Lizzie had an elder sister, Mary (1821–1863), a lifelong partner of Engels's until her sudden death of a heart disease. Mary Burns and Engels considered marriage a bourgeois institution and never married. In the 1850s, when Mary Burns and Engels lived in Ardwick, Lizzie stayed with them as a housekeeper, and, after her sister's death, eventually became Engels's partner. In the 1870s, they lived openly as a couple in London, with Lizzie's niece, Mary Ellen (known as Pumps), as a housekeeper.

Both Lizzie and her sister were known as formally illiterate yet intelligent women, with strong working-class ties. They showed Engels the actual conditions of the factory employees in Britain. Eleanor Marx wrote that

[Lizzie] was illiterate and could not read or write but she was true, honest and in some ways as fine-souled a woman as you could meet.

Rachel Holmes notes that "Like her sister, Lizzie Burns was a dedicated player in the Irish Republican movement, and the house she shared with Engels at 86 Mornington Street was a meeting place and a safe house for Fenian activists. She was freedom-loving, uncorseted, fiercely political and sparkling with fun". Lizzie had considerable influence on the young Eleanor Marx, converting her to an enthusiastic supporter of Irish Nationalism and the Fenians (Rachel Holmes "Eleanor Marx - a life", London, 2014, p. 88.) While her father Karl Marx had some reservations about the Fenians' violent methods, Eleanor completely identified with them, regularly signing her letters to Lizzie as "Eleanor, F.S." (Fenian Sister).
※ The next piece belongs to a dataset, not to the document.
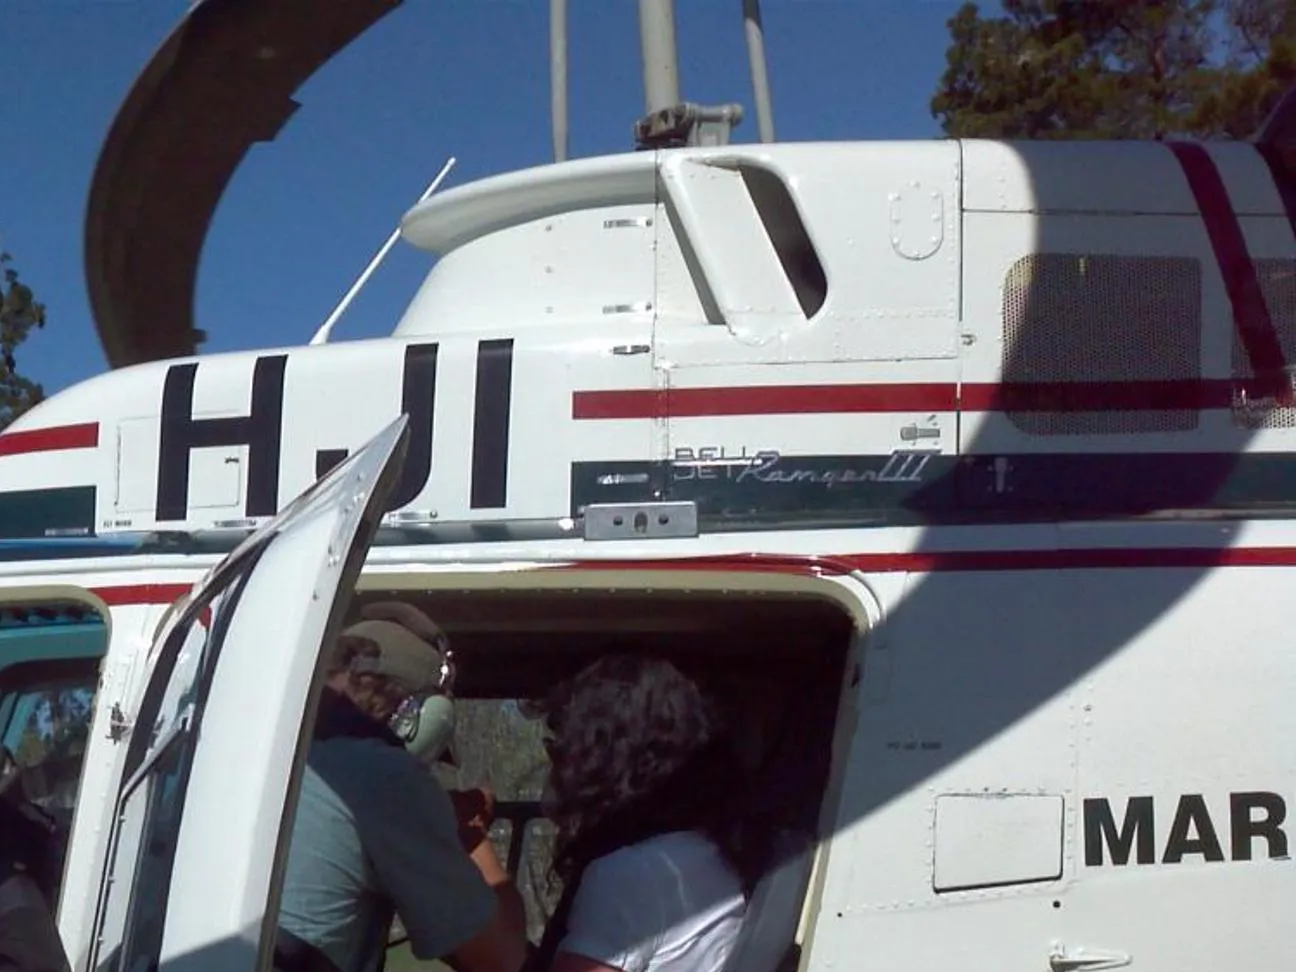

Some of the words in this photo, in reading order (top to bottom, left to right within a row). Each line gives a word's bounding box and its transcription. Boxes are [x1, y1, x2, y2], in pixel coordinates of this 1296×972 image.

In early September 1878, Burns fell seriously ill with some kind of tumour, and to please her religious beliefs, Engels married her. She died hours later. Her death made a strong impression on Engels. He later wrote about her:

My wife was a real child of the Irish proletariat and her passionate devotion to the class in which she was born was worth much more to me – and helped me more in times of stress – than all the elegance of an educated, artistic middle-class bluestocking.

Engels had Lydia buried at St Mary's Catholic Cemetery, Kensal Green and wrote on the gravestone: ″LYDIA, Wife of Frederick Engels".